Data entries
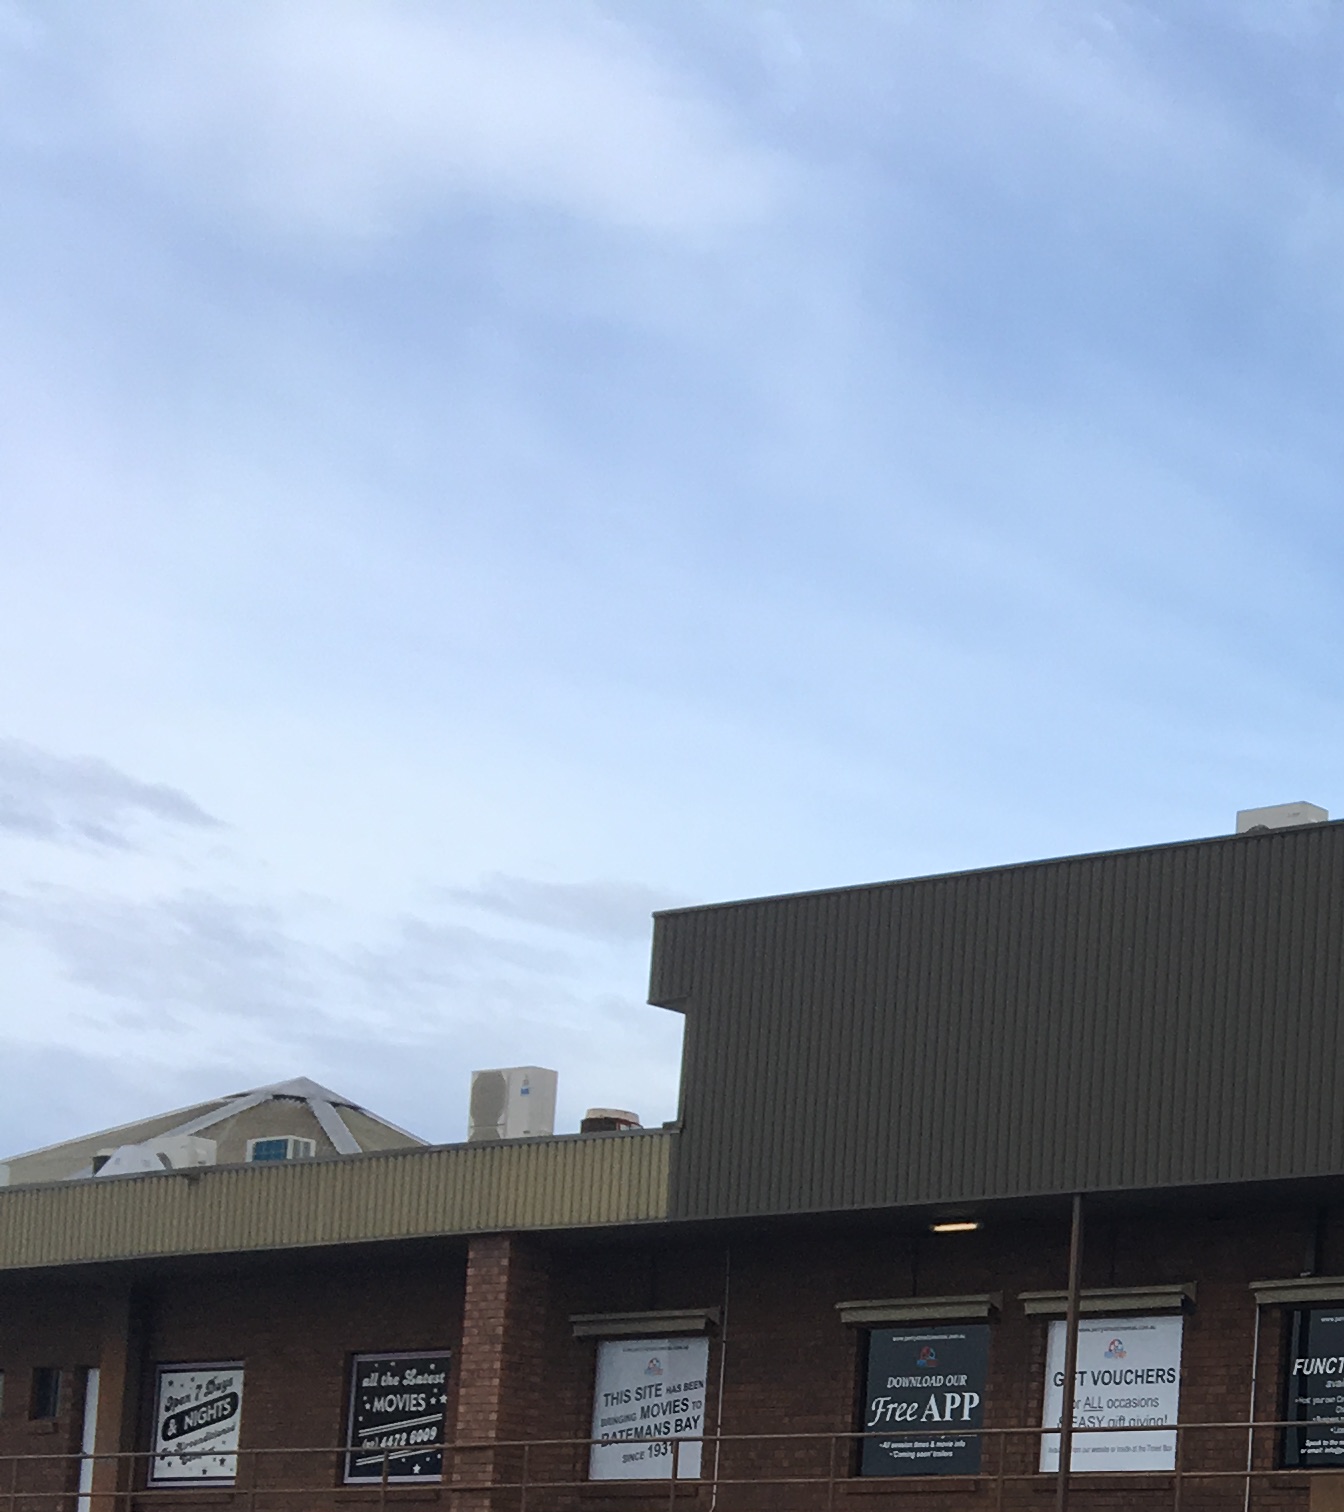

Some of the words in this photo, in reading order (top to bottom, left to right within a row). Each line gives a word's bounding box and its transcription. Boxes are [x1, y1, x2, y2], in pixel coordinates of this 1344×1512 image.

[381, 1371, 399, 1386] the
[887, 1375, 943, 1388] DOWNLOAD
[946, 1374, 967, 1387] OUR
[1053, 1370, 1087, 1387] GT
[1091, 1368, 1176, 1386] VOUCHERS
[373, 1393, 426, 1412] MOVIES
[603, 1388, 631, 1407] THIS
[635, 1382, 662, 1401] SITE
[666, 1383, 681, 1394] HAS
[683, 1380, 704, 1391] BEEN
[1083, 1396, 1103, 1410] ALL
[1106, 1396, 1160, 1408] occasions
[168, 1419, 177, 1436] &
[184, 1398, 231, 1430] NIGHTS
[640, 1397, 689, 1420] MOVIES
[692, 1400, 702, 1410] TO
[867, 1396, 918, 1426] Free
[920, 1392, 980, 1422] APP
[601, 1420, 671, 1447] BATEMANS
[674, 1415, 700, 1433] BAY
[622, 1451, 645, 1463] SINCE

Task goal:
Reproduce each line above exactly, but not a single picture.

Response to this task:
Some of the words in this photo, in reading order (top to bottom, left to right within a row). Each line gives a word's bounding box and its transcription. Boxes are [x1, y1, x2, y2], in pixel coordinates of this 1344×1512 image.

[381, 1371, 399, 1386] the
[887, 1375, 943, 1388] DOWNLOAD
[946, 1374, 967, 1387] OUR
[1053, 1370, 1087, 1387] GT
[1091, 1368, 1176, 1386] VOUCHERS
[373, 1393, 426, 1412] MOVIES
[603, 1388, 631, 1407] THIS
[635, 1382, 662, 1401] SITE
[666, 1383, 681, 1394] HAS
[683, 1380, 704, 1391] BEEN
[1083, 1396, 1103, 1410] ALL
[1106, 1396, 1160, 1408] occasions
[168, 1419, 177, 1436] &
[184, 1398, 231, 1430] NIGHTS
[640, 1397, 689, 1420] MOVIES
[692, 1400, 702, 1410] TO
[867, 1396, 918, 1426] Free
[920, 1392, 980, 1422] APP
[601, 1420, 671, 1447] BATEMANS
[674, 1415, 700, 1433] BAY
[622, 1451, 645, 1463] SINCE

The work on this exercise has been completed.